### Work instructions
Give back the listing in full and exactly, leaving out the images.

--------

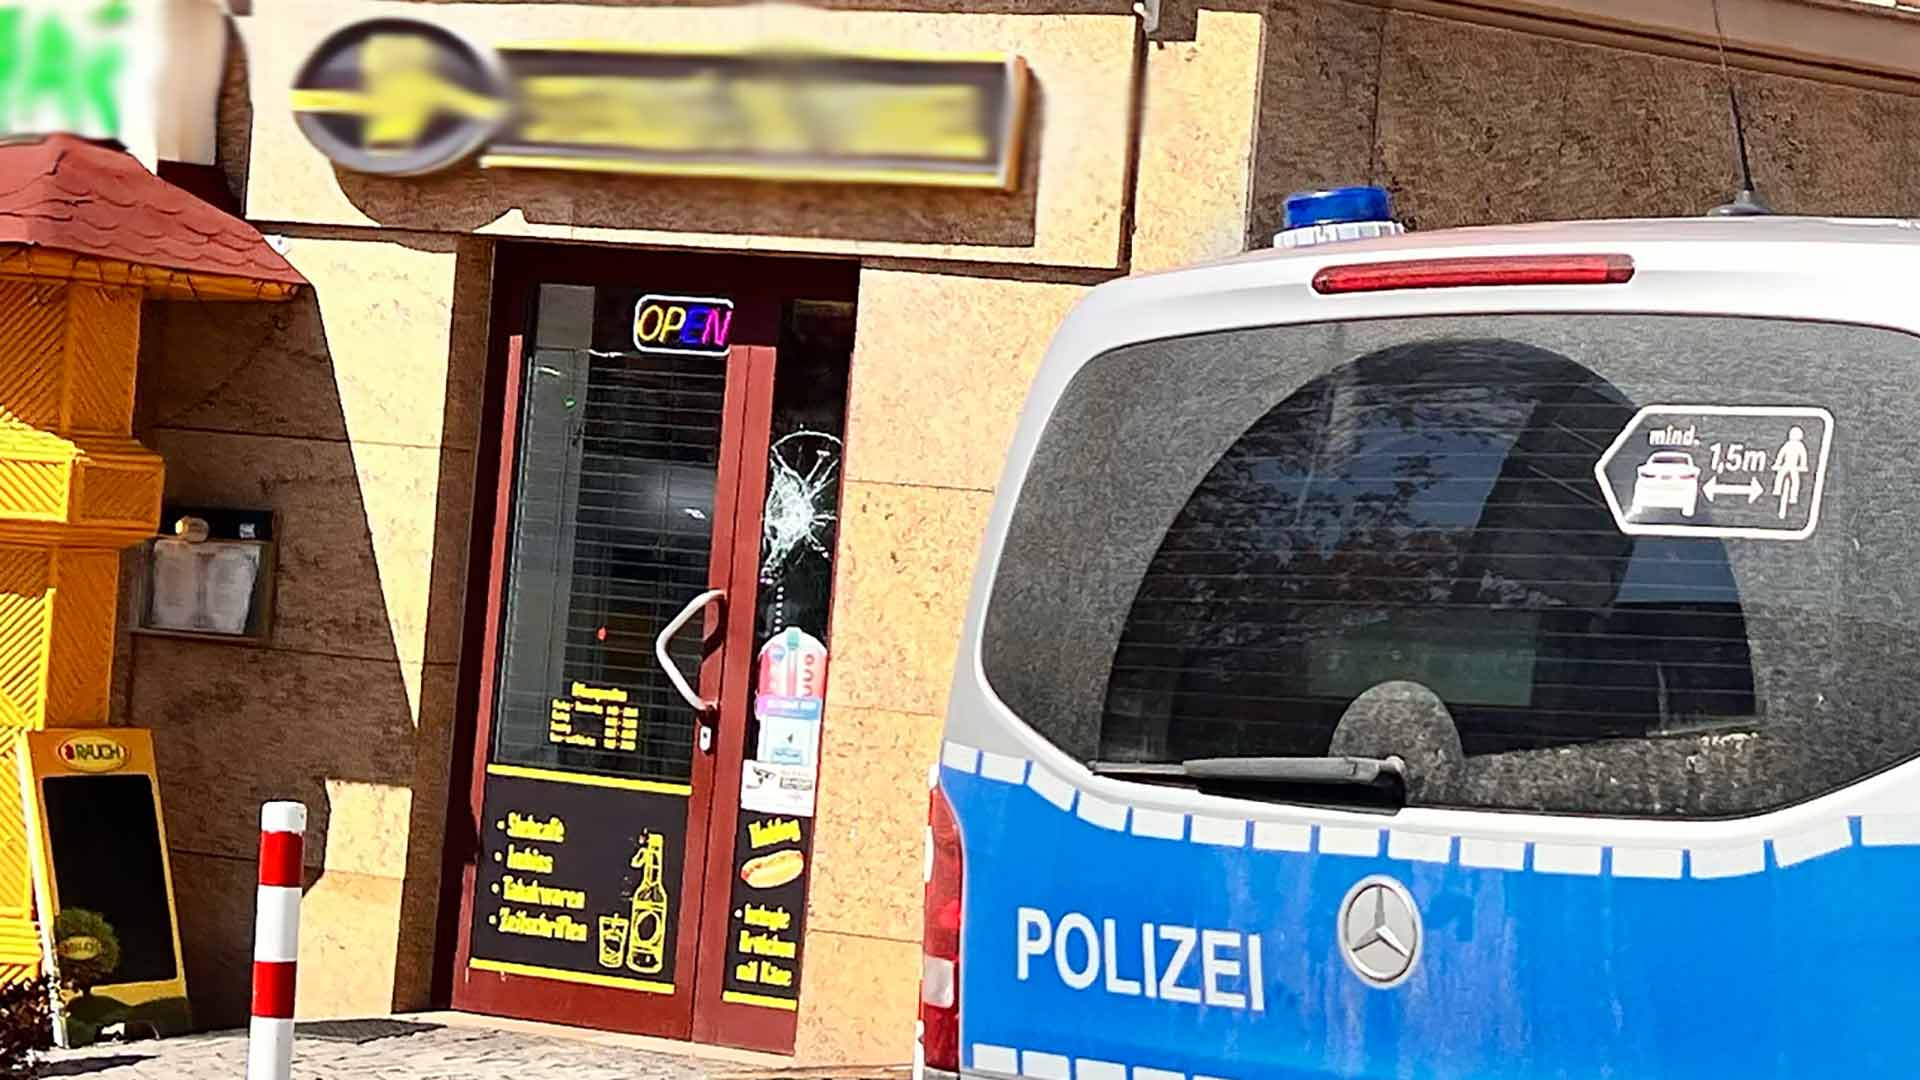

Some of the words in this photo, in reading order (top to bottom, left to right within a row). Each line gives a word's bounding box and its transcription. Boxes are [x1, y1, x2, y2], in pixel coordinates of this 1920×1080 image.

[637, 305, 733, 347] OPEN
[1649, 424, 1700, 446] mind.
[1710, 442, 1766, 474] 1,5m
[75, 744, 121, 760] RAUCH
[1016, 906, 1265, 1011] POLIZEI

--------

### Result of this exercise
Some of the words in this photo, in reading order (top to bottom, left to right within a row). Each line gives a word's bounding box and its transcription. Boxes are [x1, y1, x2, y2], in pixel coordinates of this 1920×1080 image.

[637, 305, 733, 347] OPEN
[1649, 424, 1700, 446] mind.
[1710, 442, 1766, 474] 1,5m
[75, 744, 121, 760] RAUCH
[1016, 906, 1265, 1011] POLIZEI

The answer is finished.